Leaving every image behind, reproduce the records word for word.

[Saved data entries]

==*==

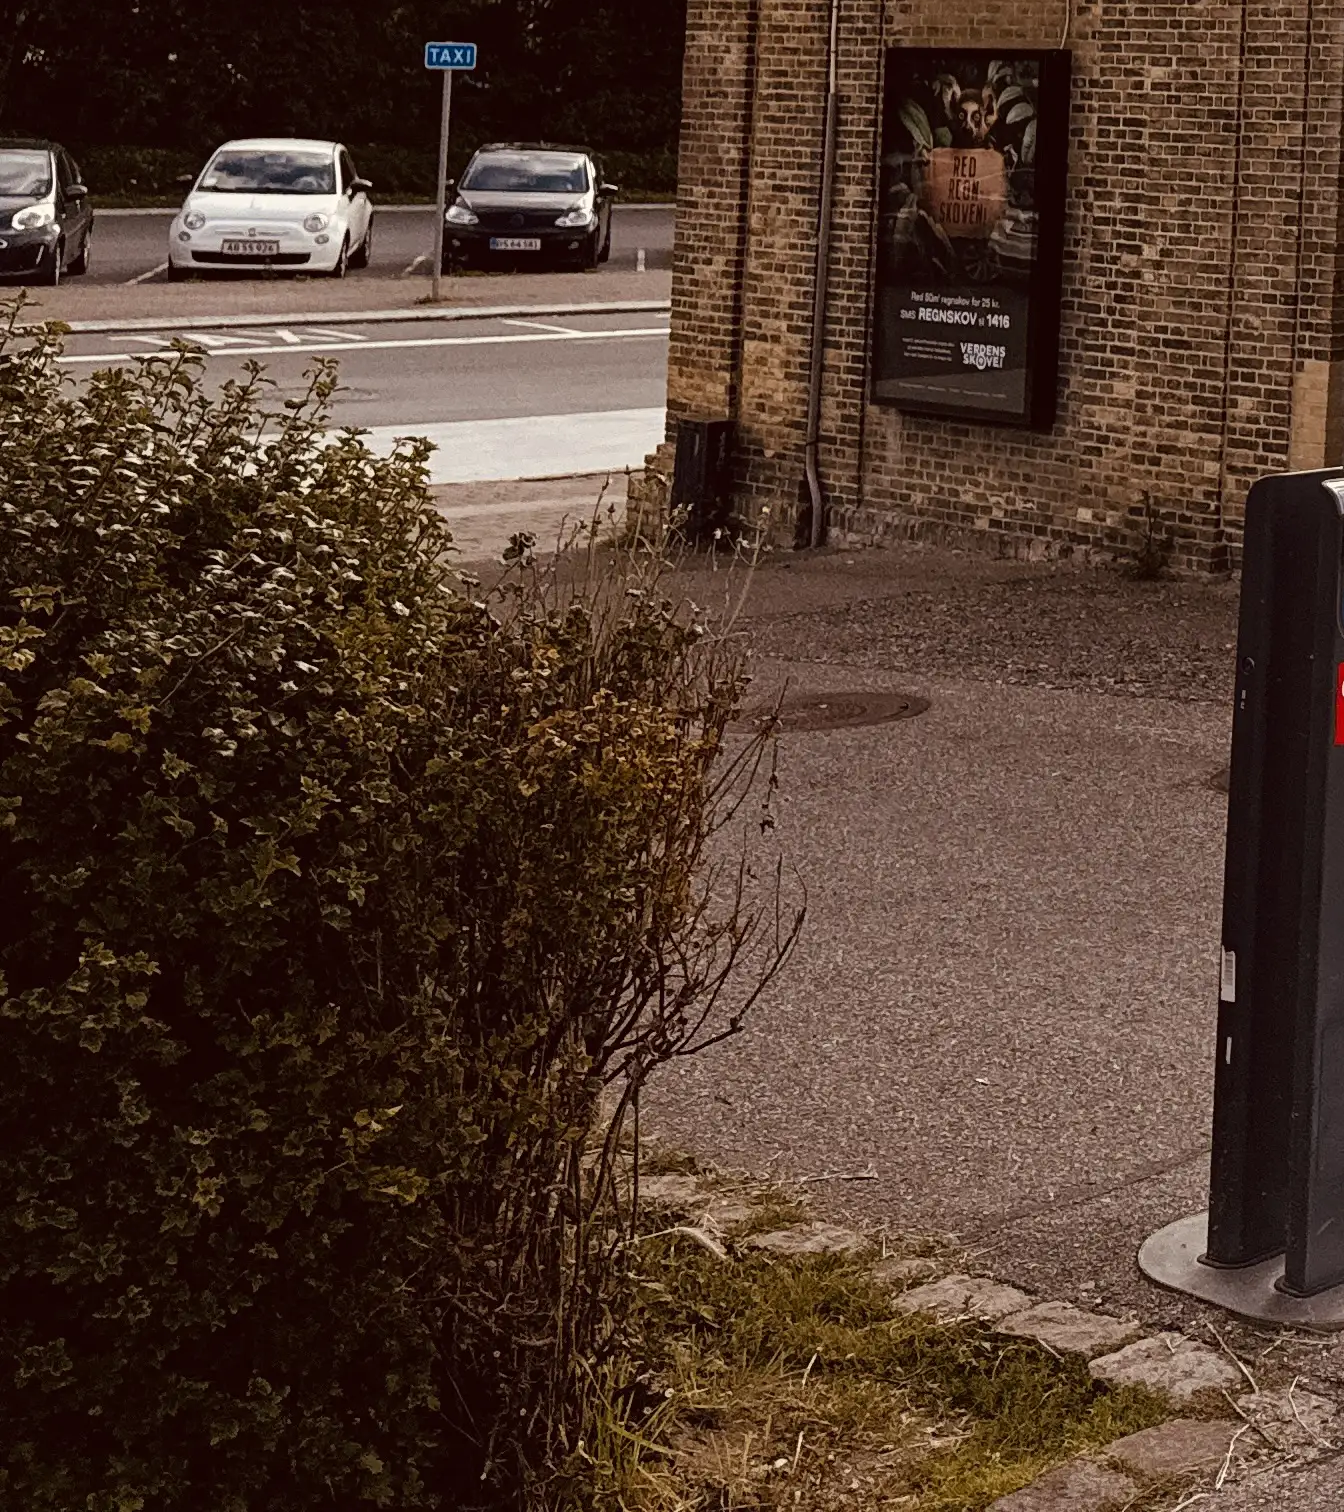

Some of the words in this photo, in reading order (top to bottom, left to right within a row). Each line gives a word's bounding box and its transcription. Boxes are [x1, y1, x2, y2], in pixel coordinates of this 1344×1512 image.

[429, 47, 471, 64] TAXI
[953, 156, 977, 177] RED
[918, 306, 978, 326] REGNSKOV
[986, 313, 1011, 329] 1416
[960, 341, 1006, 358] VERDENS
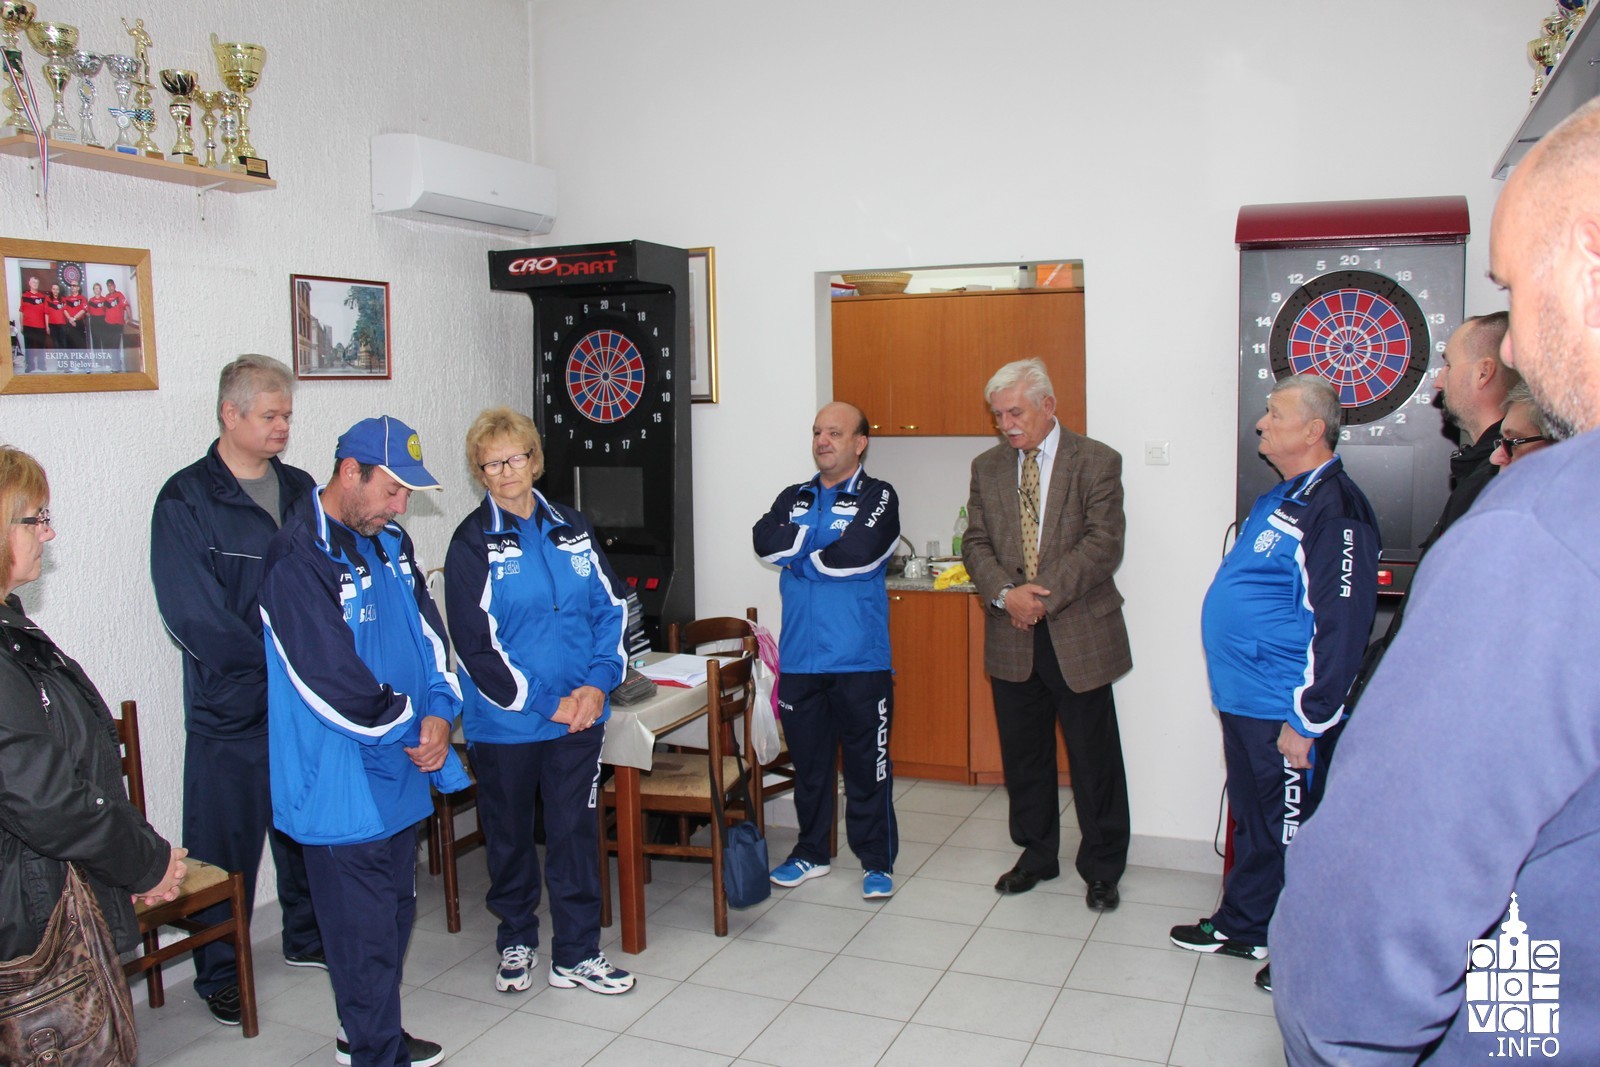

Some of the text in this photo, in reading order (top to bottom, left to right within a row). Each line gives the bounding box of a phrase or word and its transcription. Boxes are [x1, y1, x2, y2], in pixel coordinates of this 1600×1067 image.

[1316, 260, 1326, 271] 5
[1339, 254, 1360, 266] 20
[1374, 258, 1381, 270] 1
[1287, 273, 1304, 285] 12
[1395, 270, 1412, 282] 18
[1271, 292, 1282, 303] 9
[1417, 289, 1429, 300] 4
[583, 304, 589, 314] 5
[600, 299, 609, 310] 20
[565, 315, 574, 325] 12
[637, 311, 646, 322] 18
[1255, 316, 1272, 328] 14
[1426, 313, 1445, 326] 13
[553, 331, 559, 341] 9
[652, 327, 658, 337] 4
[661, 347, 670, 358] 13
[1252, 343, 1266, 354] 11
[1435, 341, 1447, 353] 6
[45, 351, 112, 360] EKIPA PIKADISTA
[544, 351, 553, 361] 14
[57, 360, 69, 368] US
[665, 369, 672, 380] 6
[1257, 368, 1269, 380] 8
[546, 394, 552, 404] 8
[661, 392, 671, 402] 10
[1414, 393, 1431, 405] 15
[553, 413, 563, 424] 16
[652, 412, 662, 423] 15
[1395, 412, 1406, 424] 2
[569, 429, 574, 439] 7
[641, 429, 646, 439] 2
[1340, 429, 1351, 441] 3
[1368, 425, 1385, 437] 17
[584, 439, 593, 450] 19
[605, 442, 610, 453] 3
[621, 439, 631, 450] 17
[1340, 528, 1354, 598] GIVOVA
[876, 697, 888, 783] GIVOVA

==*==

Answer space ->
Some of the words in this photo, in reading order (top to bottom, left to right within a row). Each line gives a word's bounding box and its transcription. Boxes are [x1, y1, x2, y2], in pixel coordinates of this 1344×1512 image.

[429, 47, 471, 64] TAXI
[953, 156, 977, 177] RED
[918, 306, 978, 326] REGNSKOV
[986, 313, 1011, 329] 1416
[960, 341, 1006, 358] VERDENS

Some of the text in this photo, in reading order (top to bottom, left to right within a row). Each line gives the bounding box of a phrase or word and its transcription. Boxes are [x1, y1, x2, y2], in pixel coordinates of this 1600×1067 image.

[1316, 260, 1326, 271] 5
[1339, 254, 1360, 266] 20
[1374, 258, 1381, 270] 1
[1287, 273, 1304, 285] 12
[1395, 270, 1412, 282] 18
[1271, 292, 1282, 303] 9
[1417, 289, 1429, 300] 4
[583, 304, 589, 314] 5
[600, 299, 609, 310] 20
[565, 315, 574, 325] 12
[637, 311, 646, 322] 18
[1255, 316, 1272, 328] 14
[1426, 313, 1445, 326] 13
[553, 331, 559, 341] 9
[652, 327, 658, 337] 4
[661, 347, 670, 358] 13
[1252, 343, 1266, 354] 11
[1435, 341, 1447, 353] 6
[45, 351, 112, 360] EKIPA PIKADISTA
[544, 351, 553, 361] 14
[57, 360, 69, 368] US
[665, 369, 672, 380] 6
[1257, 368, 1269, 380] 8
[546, 394, 552, 404] 8
[661, 392, 671, 402] 10
[1414, 393, 1431, 405] 15
[553, 413, 563, 424] 16
[652, 412, 662, 423] 15
[1395, 412, 1406, 424] 2
[569, 429, 574, 439] 7
[641, 429, 646, 439] 2
[1340, 429, 1351, 441] 3
[1368, 425, 1385, 437] 17
[584, 439, 593, 450] 19
[605, 442, 610, 453] 3
[621, 439, 631, 450] 17
[1340, 528, 1354, 598] GIVOVA
[876, 697, 888, 783] GIVOVA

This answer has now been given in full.